Does ephedrine trigger stress hormones that cannibalize lean mass?

Despite the fact that ephedrine has been crucified by the media and the FDA has banned its use, many of us still use ephedrine-and-caffeine products on a regular basis to boost workout intensity and enhance fat burning. Most major supplement companies have reformulated their fat burners and added other, less controversial ingredients, but I've found that they don't offer anywhere near the same kick as the products that include ephedrine.

I've stocked up for the inevitable day when those products become as hard to acquire as steroids. After all, unless you have a heart problem or are an out-of-shape, dehydrated baseball player suffering through spring training in the crushing heat and humidity of Florida, the risk seems to be minimal. Besides which, many of us have grown to love and even depend on the enhanced concentration and endurance that ephedrine and caffeine products impart in the gym. Skip La Cour suggested I try them more than 10 years ago, and I've used them ever since.

I would have kept popping those gelcaps like M&M's before every workout had it not been for a seminar I recently attended in New Hampshire with top amateur superheavyweight bodybuilder Dave Palumbo.

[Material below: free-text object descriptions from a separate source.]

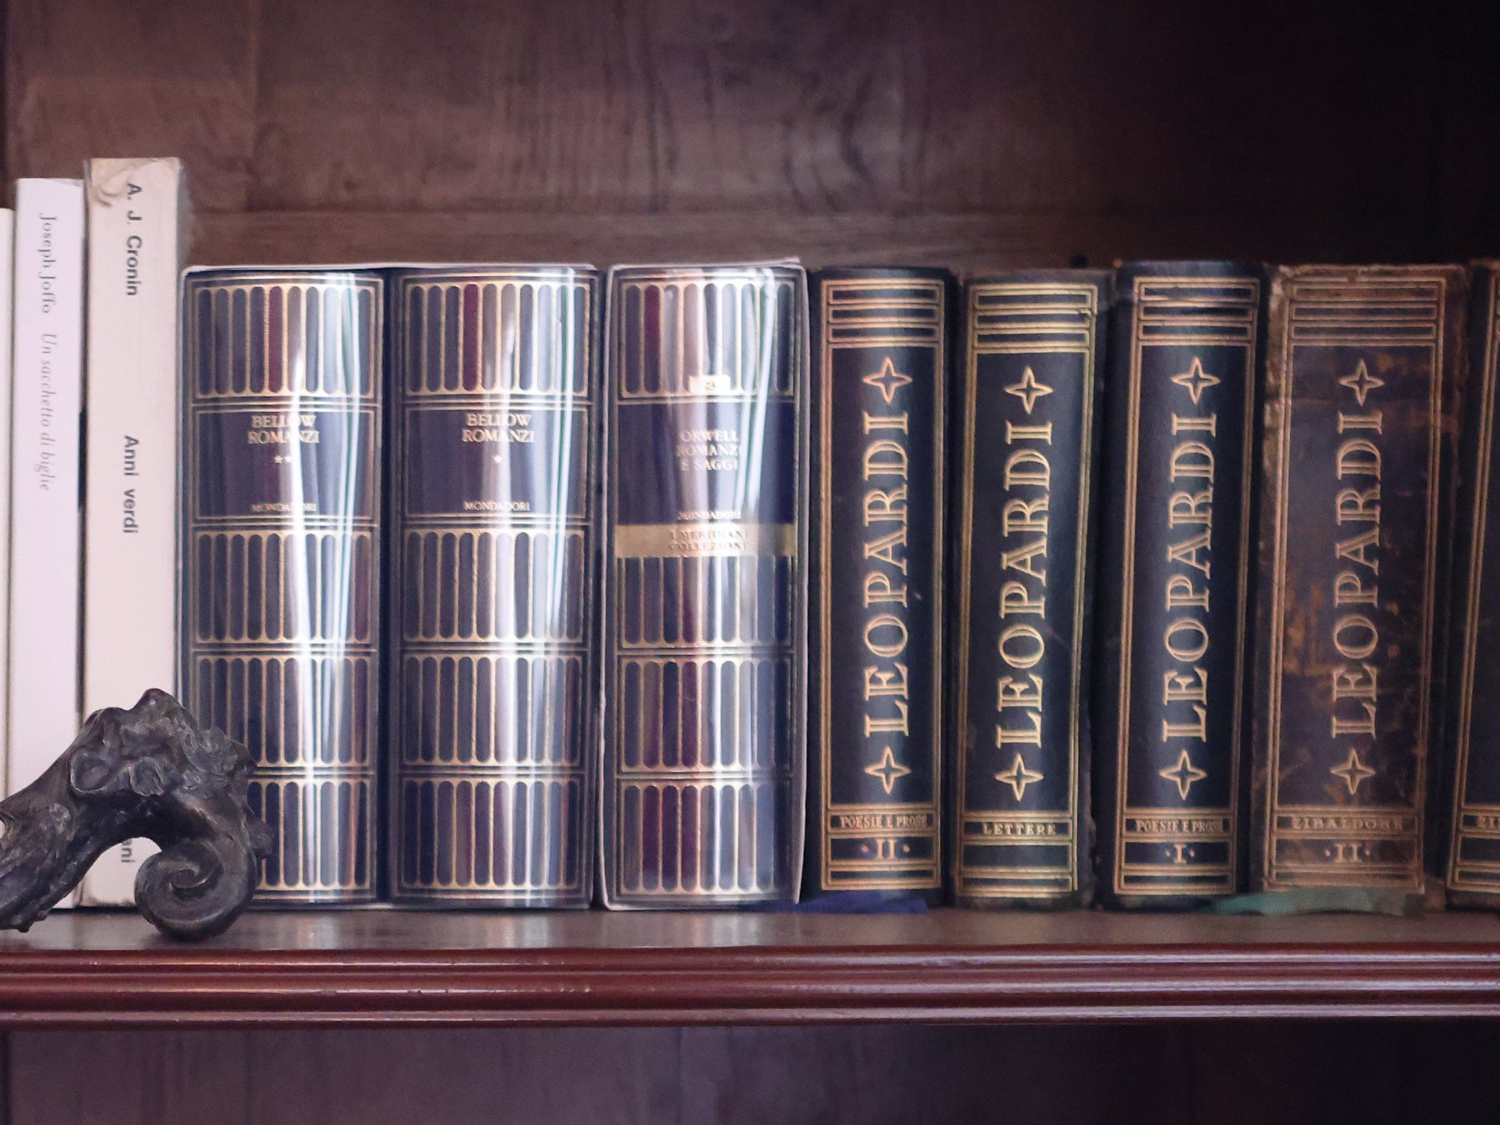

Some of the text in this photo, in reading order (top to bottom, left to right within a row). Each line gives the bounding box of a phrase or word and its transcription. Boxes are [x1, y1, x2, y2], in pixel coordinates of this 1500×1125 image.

[38, 212, 57, 270] Joseph
[127, 235, 143, 296] Cronin
[37, 272, 57, 315] Joffo
[40, 359, 57, 428] sacchetto
[251, 413, 317, 429] BELLW
[461, 429, 536, 444] ROMANZI
[466, 413, 533, 428] BELLOW
[124, 435, 140, 477] Anni
[123, 488, 139, 534] verdi
[464, 501, 531, 512] MONDADORI
[862, 410, 909, 738] LEOPARDI
[996, 420, 1053, 749] LEOPARDI
[1162, 411, 1217, 743] LEOPARDI
[1331, 410, 1383, 740] LEOPARDI
[982, 821, 1057, 836] LETTERE

An audience member asked his opinion of ephedra products, and for the first time I heard a totally different and far more compelling reason to avoid them. 'Ephedrine stimulates the adrenal glands to produce cortisol, and that's a very bad thing for anyone attempting to gain muscle mass,' Palumbo explained. 'You'd never catch me taking ephedrine. A strong cup of coffee before you train is more than adequate to boost your intensity and focus, and there are other options for fat burning as well.'

All of a sudden my mind started racing. Was I, along with many thousands of bodybuilders, stifling potential gains by habitual use of ephedrine-and-caffeine compounds? Dave is one of the most knowledgeable men in the sport, especially with regard to nutrition and supplementation, so I couldn't brush off his opinion lightly.

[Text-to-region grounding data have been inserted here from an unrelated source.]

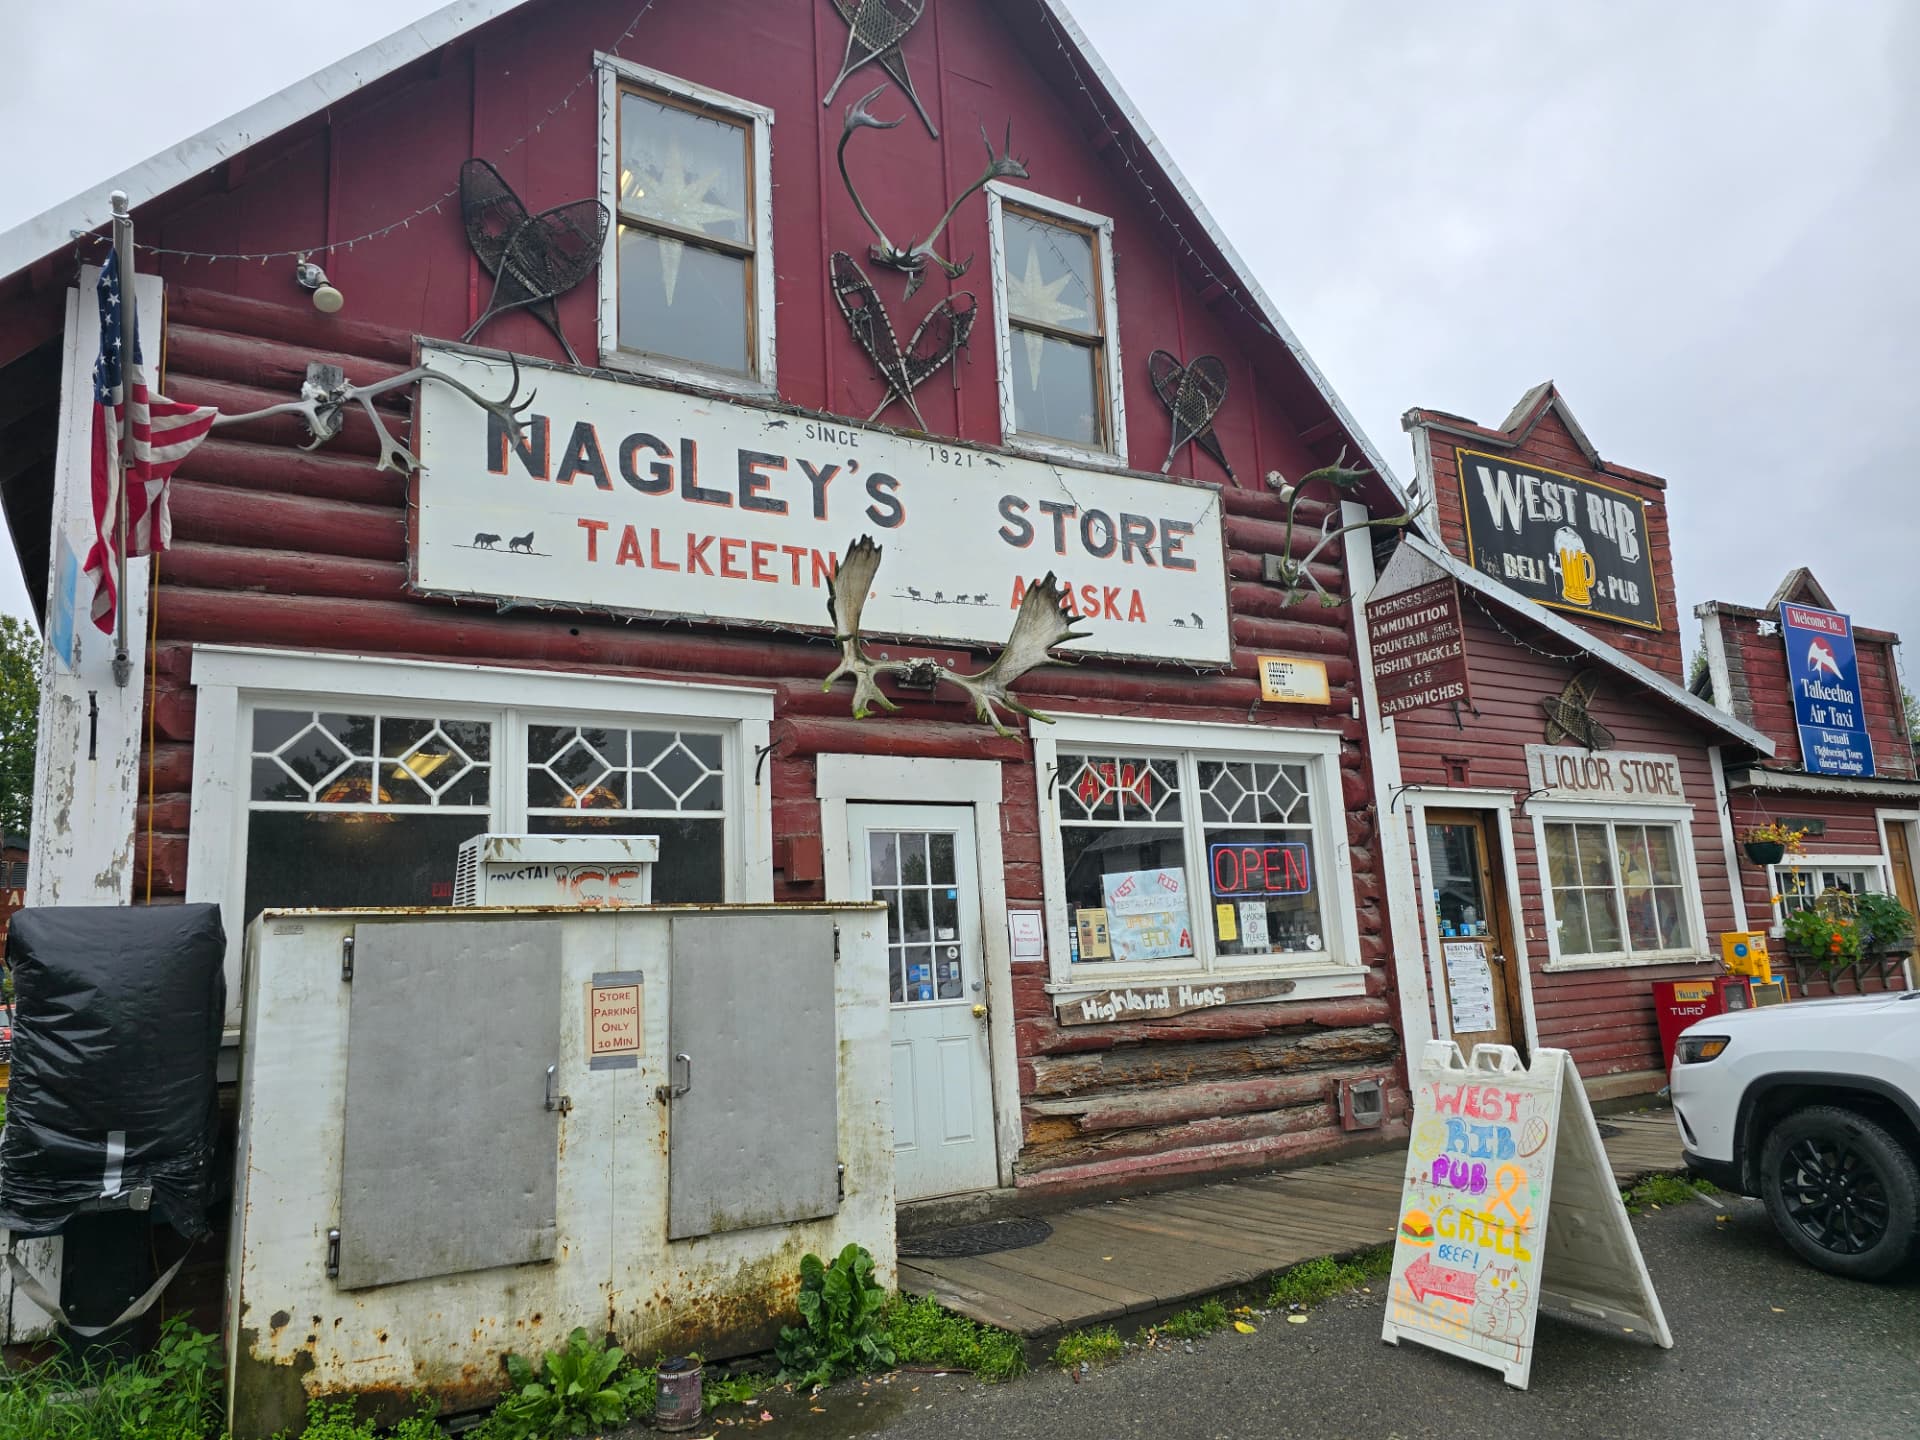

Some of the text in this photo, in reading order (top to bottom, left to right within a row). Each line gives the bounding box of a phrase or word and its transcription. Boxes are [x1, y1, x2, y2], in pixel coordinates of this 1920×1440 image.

[929, 446, 974, 468] 1921
[486, 403, 1197, 572] NAGLEY'S STORE
[1476, 465, 1578, 535] WEST
[1585, 491, 1641, 564] RIB
[1502, 552, 1548, 585] DELI
[1597, 580, 1607, 599] &
[1607, 575, 1641, 606] PUB
[1010, 575, 1148, 623] AASKA
[1368, 593, 1422, 619] LICENSES
[1372, 603, 1449, 639] AMMUNITION
[1791, 609, 1826, 629] Welcome
[1372, 632, 1428, 657] FOUNTAIN
[1374, 641, 1461, 677] FISHIN TACKLE
[1381, 682, 1464, 714] SANDWICHES
[1801, 678, 1854, 704] Talkeetna
[1810, 703, 1854, 728] Air Taxi
[1822, 731, 1850, 745] Denali
[1078, 762, 1152, 806] ATM
[1539, 753, 1679, 796] LIQUOR STORE
[1157, 872, 1179, 893] RIB
[1214, 847, 1307, 891] OPEN
[1080, 986, 1170, 1021] Highland
[599, 1040, 611, 1049] 10
[1431, 1082, 1521, 1122] WEST
[1445, 1117, 1516, 1160] RIB
[1431, 1154, 1488, 1196] PUB
[1437, 1205, 1532, 1263] GRILL
[1438, 1243, 1479, 1269] BEEF!

As a result of Palumbo's comments, I have curtailed my ephedrine use to just one workout a week, for whichever bodypart I feel I need the extra intensity. Most bodybuilders would opt to use it on back or leg day; for me it's arms. Although it's far too early for me to say that I've noticed an improvement in my gains from cutting out the ephedrine, I have a strong feeling that weaning myself off this drug can only be a positive thing.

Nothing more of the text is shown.